Tim Peters tim at zope.com
Sun Oct 31 21:08:25 EST 2004


[Chris McDonough, on Zope 2.7.3, using a persistent ZEO client cache but
 finding that it doesn't appear to be doing him any good across client
 restarts]

...

[Tim Peters]
>> + How big is your ZEO client cache (measured in bytes).

[Chris]
> 1 GB.

>> + How big is your ZODB pickle cache (measured in # of objects).

> 5000 objects

>> + How big are your ~700 objects in aggregate (measured in bytes).

> 64K apiece * 700 = ~ 42MB.

So in your first scenario (loading the same 700 objects across transactions
without restarting the client) it's likely all requests after the first were
satisfied out of ZODB's in-memory pickle cache.  I can personally guarantee
that the ZEO cache will never be as fast as that <wink>.

...

> I am indeed using a fast local network.  But as I said before I think
> that the ZEO persistent cache isn't being consulted due to log output on
> the ZEO server when I send a request which I believe should be serviced
> by the disk cache (the pattern of log messages is indisinguishable from
> the log messages resulting from real load requests).

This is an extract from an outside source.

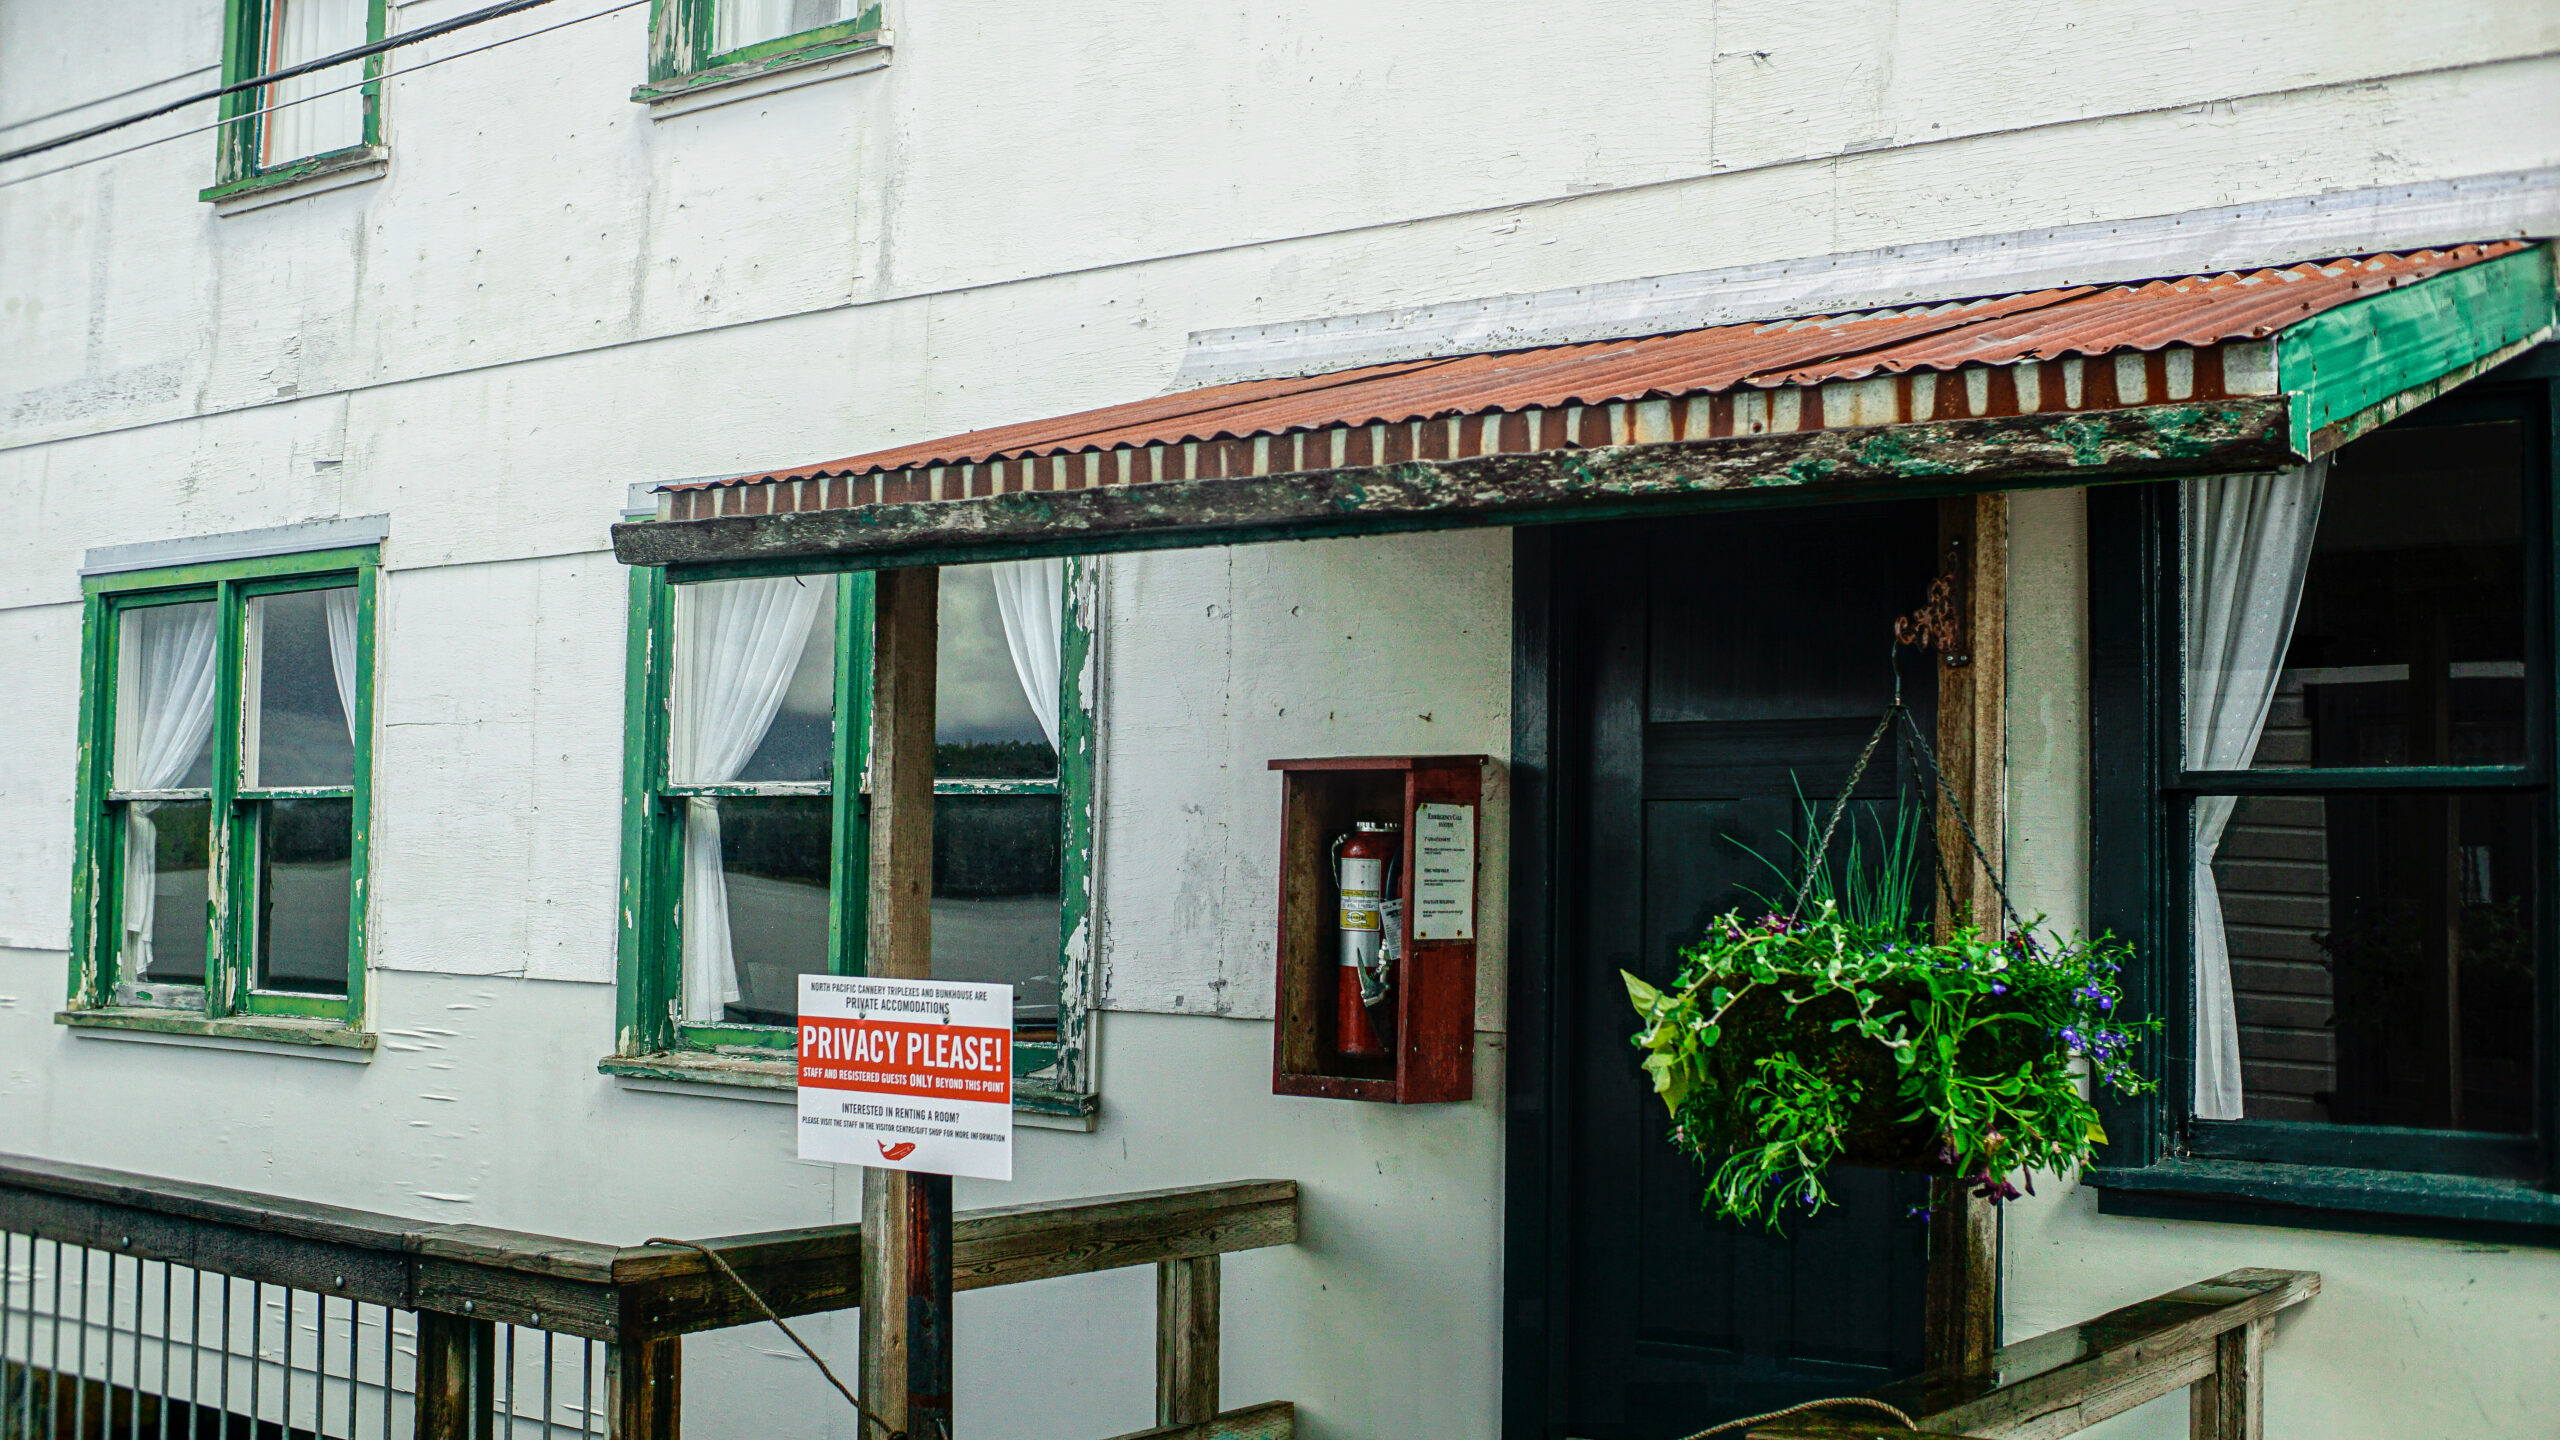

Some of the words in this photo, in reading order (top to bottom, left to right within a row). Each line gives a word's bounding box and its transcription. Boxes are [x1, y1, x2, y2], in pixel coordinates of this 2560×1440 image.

Right, *now* that surprises me too.  Before, I was guessing that your ZEO
client cache was so small (as the default size is) that there was no reason
to believe it *could* hold a useful amount of data between restarts.  But it
turns out it's plenty big enough to hold all your useful data.  Then I agree
it sounds like something's not working right.

> I don't know the ins and outs of how the cache does its invalidation
> though, so perhaps this is an incorrect assumption.

I'm afraid I don't either -- I have a dim understanding of how ZEO works,
and even dimmer wrt ZODB 3.2 than 3.3 (the ZEO cache implementation was
replaced, and I did some work on the latter but none on the former).

It's a general truth (across the ZODB and ZEO caches, and across 3.2 and
3.3) that invalidations get sent out only when an object is modified.
There's also a cache verification dance at ZEO client startup time, which is
a natural area to suspect.

Try invoking .cacheMinimize() on the Connection at the start of some
transaction.  That will ghostify all the objects in the pickle cache.  The
point then is to see whether the next requests get satisfied out of the ZEO
client cache, or are refetched from the ZEO server.  If the former, then we
have to suspect that ZEO client cache startup verification isn't working
correctly, but that the ZEO client cache is working OK after startup; if the
latter, the ZEO client cache is plain useless <wink>.